O desafio agora é manter a cobertura na segunda dose. “As vacinas que têm segunda, terceira dose e reforço costumam perder adesão. Uma vacina com quatro vírus, por exemplo, na primeira dose tem eficácia maior para um e na segunda vai ser maior para outro. Não é à toa que se faz três doses e é importante que se tome todas”, recomenda Segatto.
O Distrito Federal também vai elaborar uma pesquisa para entender os motivos que levaram alguns pais a não autorizarem a vacinação em suas filhas. “É muito importante ter essa resposta até servir de referência para os outros estados que queiram implantar a vacinação gratuita”, encerra a gerente de Vigilância Epidemiológica e Imunização da Secretaria de Vigilância e Saúde do DF.
A vacina
A vacina quadrivalente foi a primeira a ser disponibilizada no Brasil, em 2007, pouco mais de um ano depois de ela ser aprovada pela primeira vez, nos Estados Unidos. Segundo o chefe do setor de DTS da Universidade Federal Fluminense (UFF), Mauro Romero Leal Passos, a vacina imita o vírus, incitando o organismo a produzir anticorpos capazes de combater o HPV real quando esse for introduzido no corpo. “Ela é como a casca do vírus e apresenta ao organismo a aparência dele. A partir daí, ele desenvolve uma grande resposta de anticorpos contra essas 'cópias' do vírus presentes na vacina. Você cria uma resposta anterior à entrada do vírus real no corpo”, explica.
Os resultados têm sido encorajadores, segundo ele. “O que se viu é que as pessoas que a tomam têm proteção próxima de 100% comparado com pessoas que não tomam a vacina. Por meio dela, o organismo não deixa o vírus se multiplicar”. A imunização acontece em três doses, em um intervalo de seis meses e, de acordo com Passos, promove uma proteção válida por nove anos.

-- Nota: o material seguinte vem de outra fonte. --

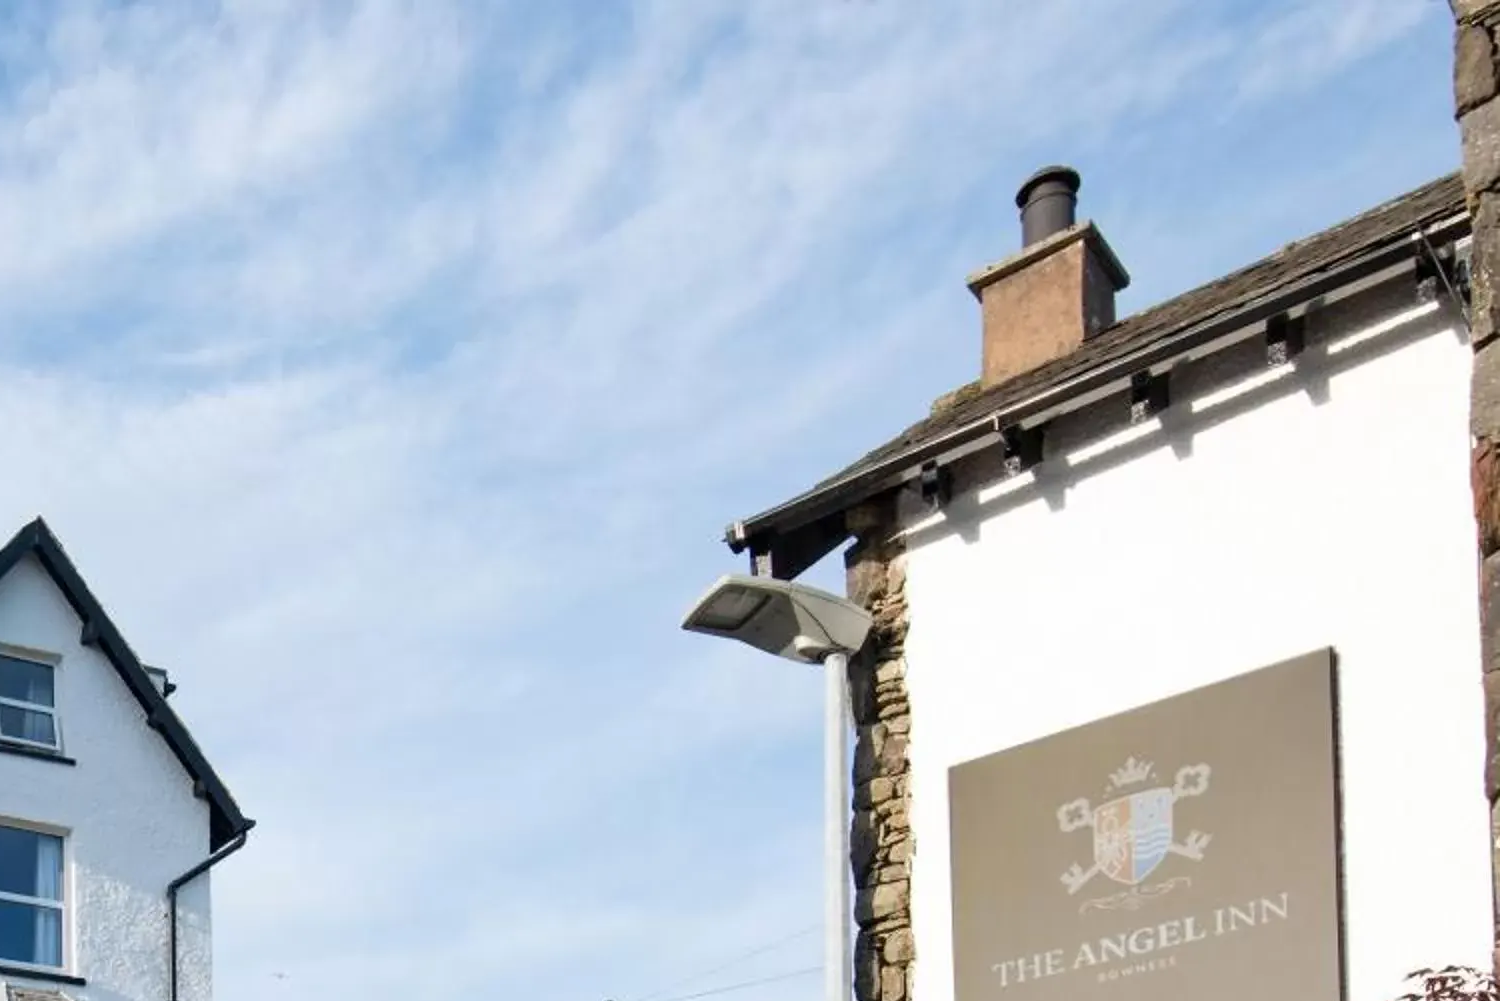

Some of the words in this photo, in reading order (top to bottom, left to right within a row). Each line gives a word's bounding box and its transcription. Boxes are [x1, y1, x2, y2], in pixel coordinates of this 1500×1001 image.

[991, 948, 1065, 987] THE
[1073, 916, 1206, 969] ANGEL
[1214, 892, 1289, 936] INN

A variedade que é mais frequentemente responsável pelo desenvolvimento de câncer é a 16. No Brasil, ela é a principal causa de câncer de colo de útero, de ânus e de pênis, além de ser comumente relacionada com os cânceres de vagina, vulva e pescoço (orofaringe). O tipo 18 também é associado com a incidência de câncer em todas essas partes do corpo. “Junto do tipo 16, eles são envolvidos em mais de 70% dos cânceres causados por HPV”, destaca Passos.
Os dados atuais referentes à eficácia da vacina comprovam uma diminuição na incidência de verrugas genitais na população imunizada. O câncer, no entanto, demora mais tempo para se desenvolver e ainda não existem estudos que comprovem os efeitos da vacina no aparecimento da doença. “Mas existem dados iniciais da diminuição da lesão precursora de câncer, então isso é um bom indício de que ela está funcionando no mundo real”, comenta a coordenadora do Instituto HPV.